The required output is the complete data, repeated without alteration.

** Supplied records follows **

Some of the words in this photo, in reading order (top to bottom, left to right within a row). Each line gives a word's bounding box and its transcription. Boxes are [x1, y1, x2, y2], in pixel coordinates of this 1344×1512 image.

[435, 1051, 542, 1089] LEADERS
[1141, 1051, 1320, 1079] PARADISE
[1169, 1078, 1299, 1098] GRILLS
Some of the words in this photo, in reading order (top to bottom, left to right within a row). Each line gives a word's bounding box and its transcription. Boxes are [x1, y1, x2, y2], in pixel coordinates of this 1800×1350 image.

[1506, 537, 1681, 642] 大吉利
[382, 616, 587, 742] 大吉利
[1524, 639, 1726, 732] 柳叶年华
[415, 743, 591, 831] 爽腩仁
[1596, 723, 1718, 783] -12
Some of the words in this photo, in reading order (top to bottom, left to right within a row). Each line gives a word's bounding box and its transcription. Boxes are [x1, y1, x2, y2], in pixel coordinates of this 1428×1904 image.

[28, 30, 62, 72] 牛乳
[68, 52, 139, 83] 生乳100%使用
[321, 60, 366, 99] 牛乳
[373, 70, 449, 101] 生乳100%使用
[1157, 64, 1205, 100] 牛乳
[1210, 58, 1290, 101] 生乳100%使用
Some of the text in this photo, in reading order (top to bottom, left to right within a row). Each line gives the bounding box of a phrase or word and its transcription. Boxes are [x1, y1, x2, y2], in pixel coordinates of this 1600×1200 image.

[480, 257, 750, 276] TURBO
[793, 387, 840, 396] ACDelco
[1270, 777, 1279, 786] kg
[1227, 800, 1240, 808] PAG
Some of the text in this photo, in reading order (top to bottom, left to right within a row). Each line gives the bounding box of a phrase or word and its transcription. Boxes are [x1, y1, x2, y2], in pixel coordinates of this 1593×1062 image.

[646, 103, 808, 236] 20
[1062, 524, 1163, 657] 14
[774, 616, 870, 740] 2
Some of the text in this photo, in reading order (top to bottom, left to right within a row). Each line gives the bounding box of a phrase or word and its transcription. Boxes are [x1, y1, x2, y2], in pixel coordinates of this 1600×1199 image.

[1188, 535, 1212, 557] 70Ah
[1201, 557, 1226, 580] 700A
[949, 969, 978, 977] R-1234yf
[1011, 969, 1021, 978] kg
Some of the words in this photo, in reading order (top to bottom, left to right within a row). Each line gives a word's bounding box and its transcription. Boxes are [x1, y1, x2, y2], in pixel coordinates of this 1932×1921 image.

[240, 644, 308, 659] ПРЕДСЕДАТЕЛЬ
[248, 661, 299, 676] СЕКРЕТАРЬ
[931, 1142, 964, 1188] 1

** End of Supplied records **

→ Response to this exercise
Some of the words in this photo, in reading order (top to bottom, left to right within a row). Each line gives a word's bounding box and its transcription. Boxes are [x1, y1, x2, y2], in pixel coordinates of this 1344×1512 image.

[435, 1051, 542, 1089] LEADERS
[1141, 1051, 1320, 1079] PARADISE
[1169, 1078, 1299, 1098] GRILLS
Some of the words in this photo, in reading order (top to bottom, left to right within a row). Each line gives a word's bounding box and its transcription. Boxes are [x1, y1, x2, y2], in pixel coordinates of this 1800×1350 image.

[1506, 537, 1681, 642] 大吉利
[382, 616, 587, 742] 大吉利
[1524, 639, 1726, 732] 柳叶年华
[415, 743, 591, 831] 爽腩仁
[1596, 723, 1718, 783] -12
Some of the words in this photo, in reading order (top to bottom, left to right within a row). Each line gives a word's bounding box and its transcription. Boxes are [x1, y1, x2, y2], in pixel coordinates of this 1428×1904 image.

[28, 30, 62, 72] 牛乳
[68, 52, 139, 83] 生乳100%使用
[321, 60, 366, 99] 牛乳
[373, 70, 449, 101] 生乳100%使用
[1157, 64, 1205, 100] 牛乳
[1210, 58, 1290, 101] 生乳100%使用
Some of the text in this photo, in reading order (top to bottom, left to right within a row). Each line gives the bounding box of a phrase or word and its transcription. Boxes are [x1, y1, x2, y2], in pixel coordinates of this 1600×1200 image.

[480, 257, 750, 276] TURBO
[793, 387, 840, 396] ACDelco
[1270, 777, 1279, 786] kg
[1227, 800, 1240, 808] PAG
Some of the text in this photo, in reading order (top to bottom, left to right within a row). Each line gives the bounding box of a phrase or word and its transcription. Boxes are [x1, y1, x2, y2], in pixel coordinates of this 1593×1062 image.

[646, 103, 808, 236] 20
[1062, 524, 1163, 657] 14
[774, 616, 870, 740] 2
Some of the text in this photo, in reading order (top to bottom, left to right within a row). Each line gives the bounding box of a phrase or word and its transcription. Boxes are [x1, y1, x2, y2], in pixel coordinates of this 1600×1199 image.

[1188, 535, 1212, 557] 70Ah
[1201, 557, 1226, 580] 700A
[949, 969, 978, 977] R-1234yf
[1011, 969, 1021, 978] kg
Some of the words in this photo, in reading order (top to bottom, left to right within a row). Each line gives a word's bounding box and its transcription. Boxes are [x1, y1, x2, y2], in pixel coordinates of this 1932×1921 image.

[240, 644, 308, 659] ПРЕДСЕДАТЕЛЬ
[248, 661, 299, 676] СЕКРЕТАРЬ
[931, 1142, 964, 1188] 1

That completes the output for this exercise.